Muscles
I.
Types of muscles
A. Skeletal muscle
1. Attached to bones
2. Striated
3. Somatic neuron innervation = cxn
4. Function:
a. Body movement
b. Posture maintenance
c. Joints stability
B. Cardiac muscle (the heart)
1. Pumps blood
2. Striated
3. Autorhythmicity
C. Smooth muscle
1. On internal organ walls and blood vessels
2. Non-striated
3. Autorhythmicity
4. Function:
a. Moves materials within body
b. Move materials into and out of the body
II. Characteristics of muscles ( The “CEEE”)
A. Contractility = Generate force in response to AP
Excitation-contraction coupling
B. Excitability = response to a stimulus
C. Extensibility = ability to stretch w/o damage
D. Elasticity = ability to return to normal after stretching
III. Structure of Skeletal muscle
A. Epimysiummuscleperimysiumfascicleendomysiumsarcolemma-->
myofibermyofibrilmyofilaments
B. Muscle cell = muscle fiber
1. Sarcolemma
2. Sarcoplasm
3. Myofibrils (80% of fiber)
4. Multi-nuclei
5. Sarcoplasmic reticulum (stores Ca2+)
6. Myoglobin
a.

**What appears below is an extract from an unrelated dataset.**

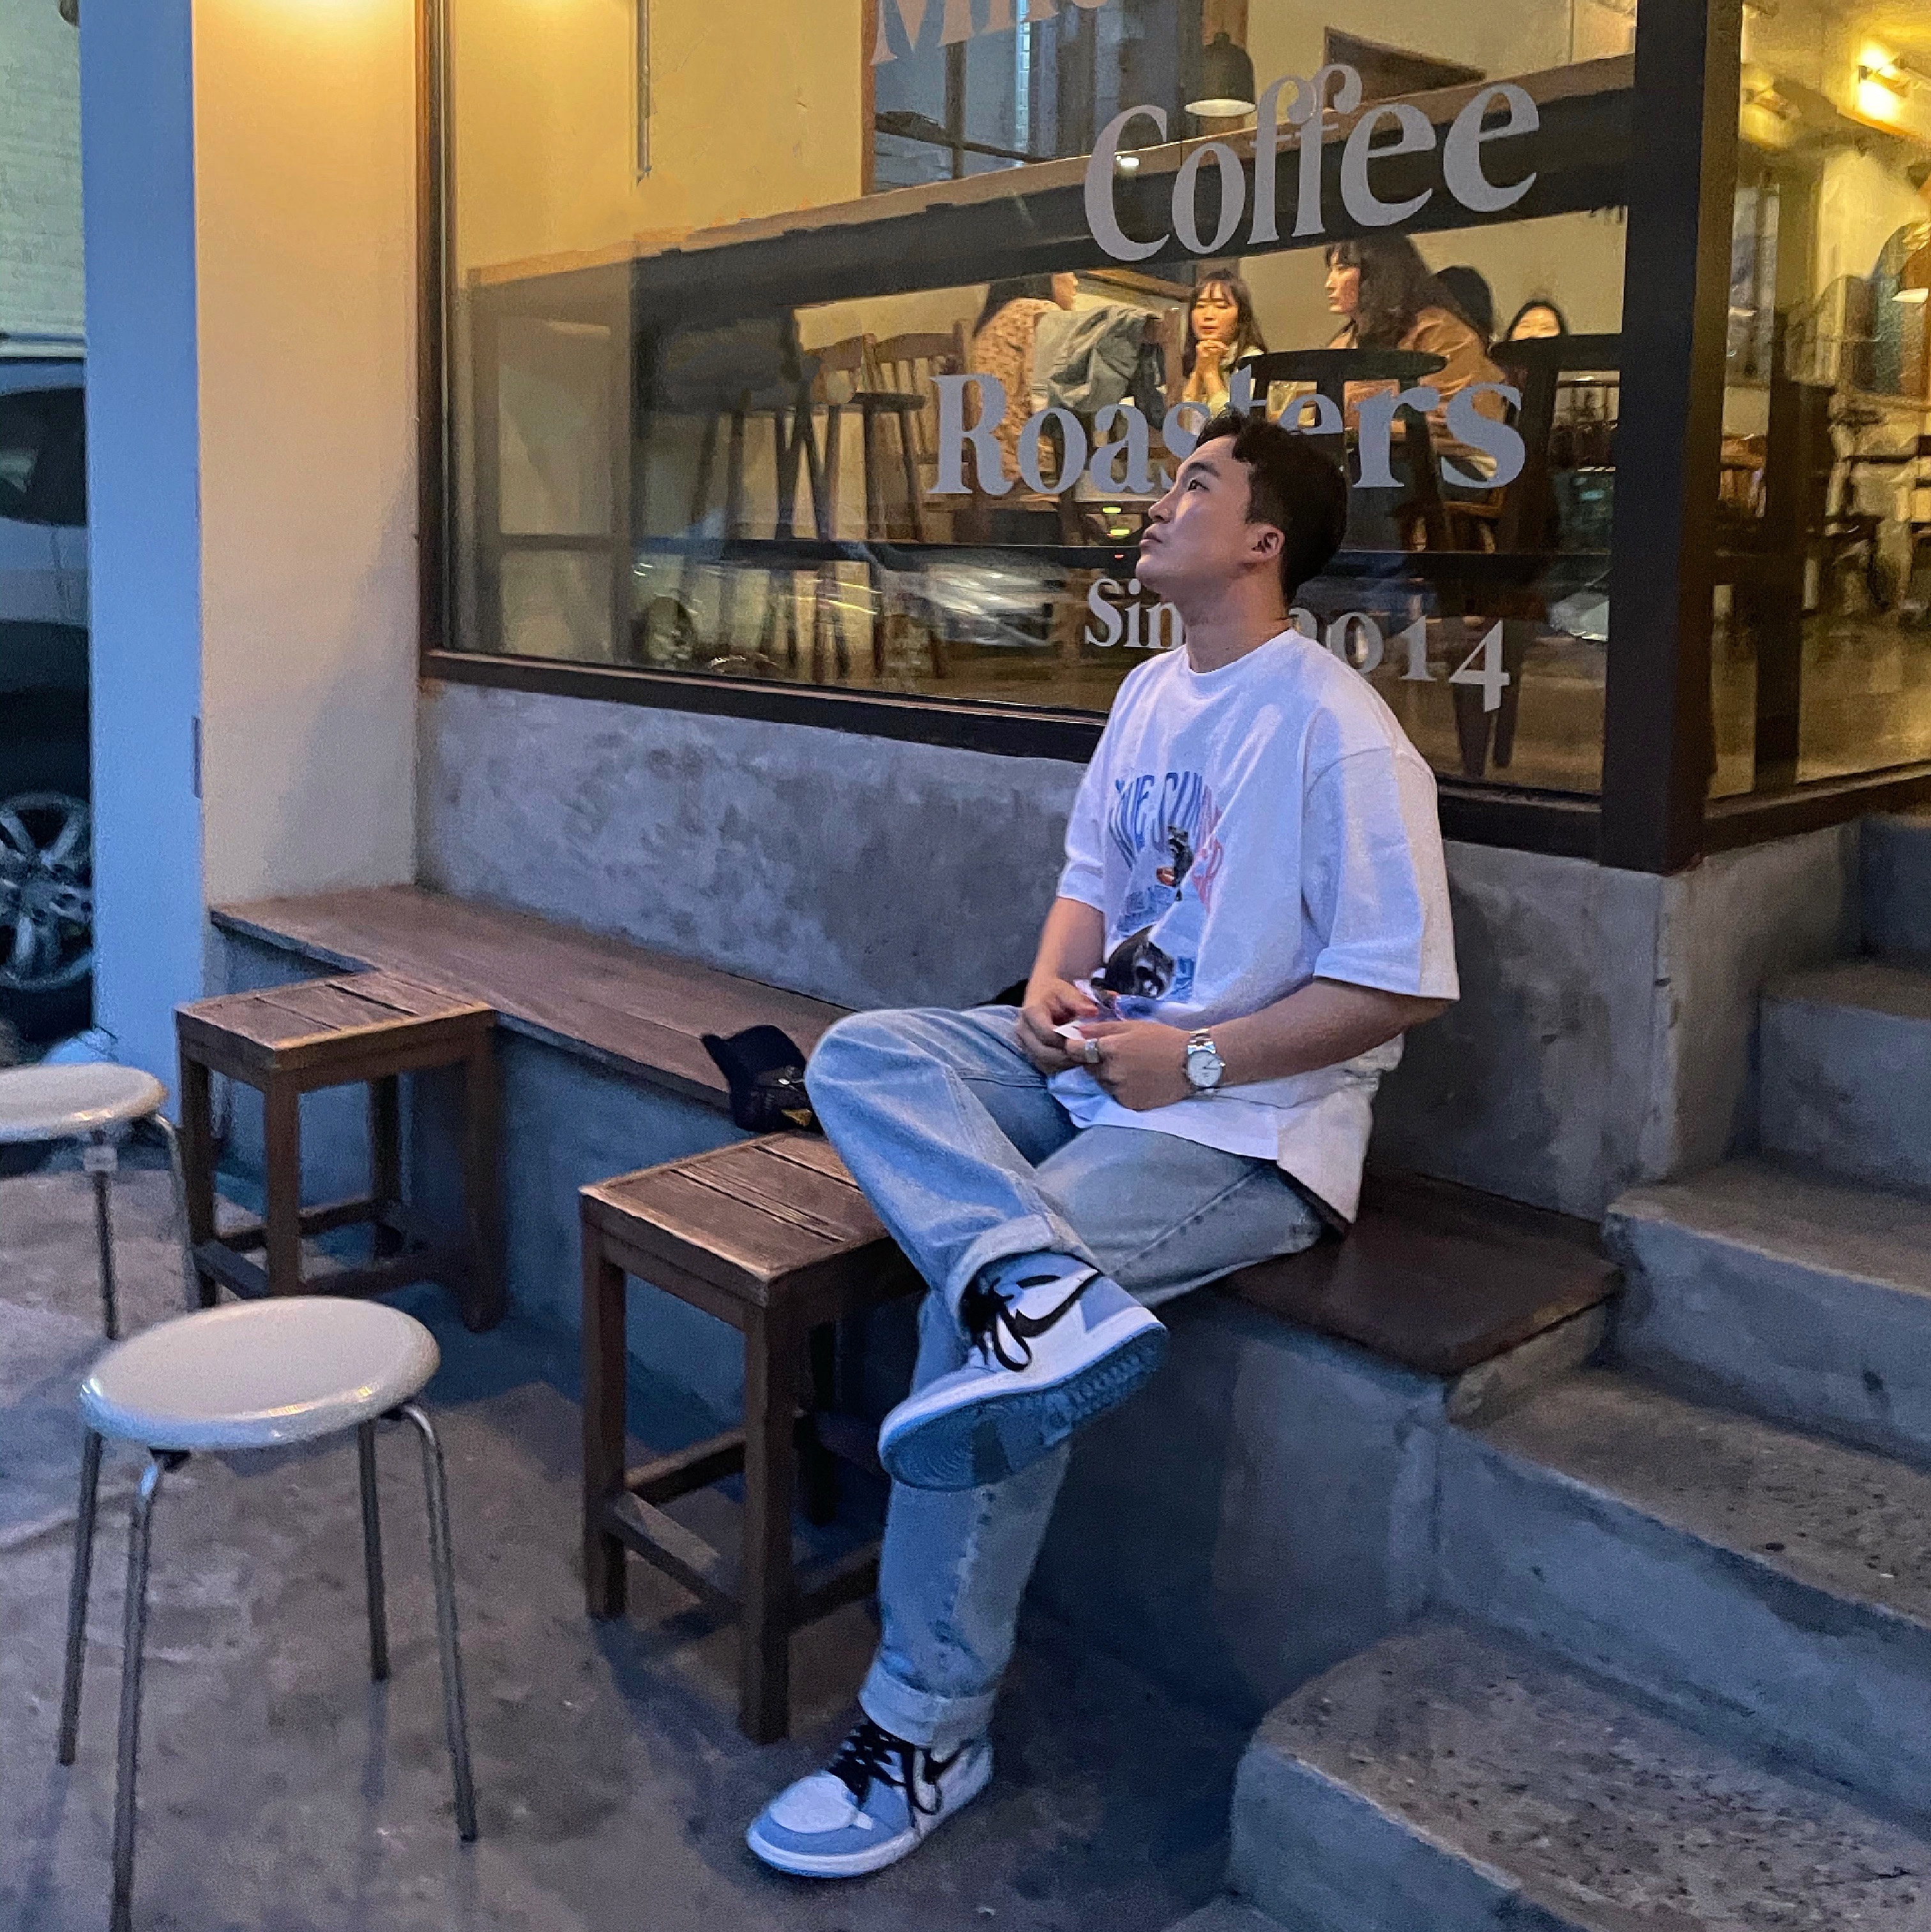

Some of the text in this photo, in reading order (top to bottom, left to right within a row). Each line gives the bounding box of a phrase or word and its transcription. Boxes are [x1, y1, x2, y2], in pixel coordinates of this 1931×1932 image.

[1085, 64, 1540, 261] Coffee
[1084, 578, 1510, 712] Sin 014

Red pigmentation
b. Contains iron (Fe2+) binding to O2, act as O2 reservoir
C. Myofibrils
1. Striated = D (a) rk “A” bands and L (i) ght “I” bands
2. Sarcomere = from Z disc to Z disc
a. Consist of…
b. “thick” filaments = myosin
1) ~300 myosin molecules/thick filament
2) Composed of a head and a tail
3) Myosin head has 2 binding sites
Contractile proteins
a) One for ATP
b) One for Actin
c. “thin” filaments
1) Actin
2) Troponin
a) Attached + moves tropomyosin
Regulatory proteins
b) Has Ca2+ binding site
3) Tropomyosin
a) Covering myosin binding site on actin
D. Sarcomere
1. Structure
a. ZI-MHA-ZI= sarcomere
1) “M” line = Proteins that anchor think filaments
2) “H” zone = “Heavy only” length shortens during cxn
3) “A” band = Length remains constant during cxn
4) “Z” disk = Made of proteins that anchor thin filaments
5) “I” band = length shortens/disappears in cxn
E. Sarcoplasmic reticulum (SR)
1. Inside sarcolemma, wrapped around myofibrils
2. Triad
a. T – tubules = channel of sarcolemma around myofibrils
1) Function: Transmit AP to every SR of every sarcomere
b. Terminal cisternae = Part of SR
IV. Contraction of skeletal muscle fiber (excitation-contraction coupling
A. Creating action potential (Excitation)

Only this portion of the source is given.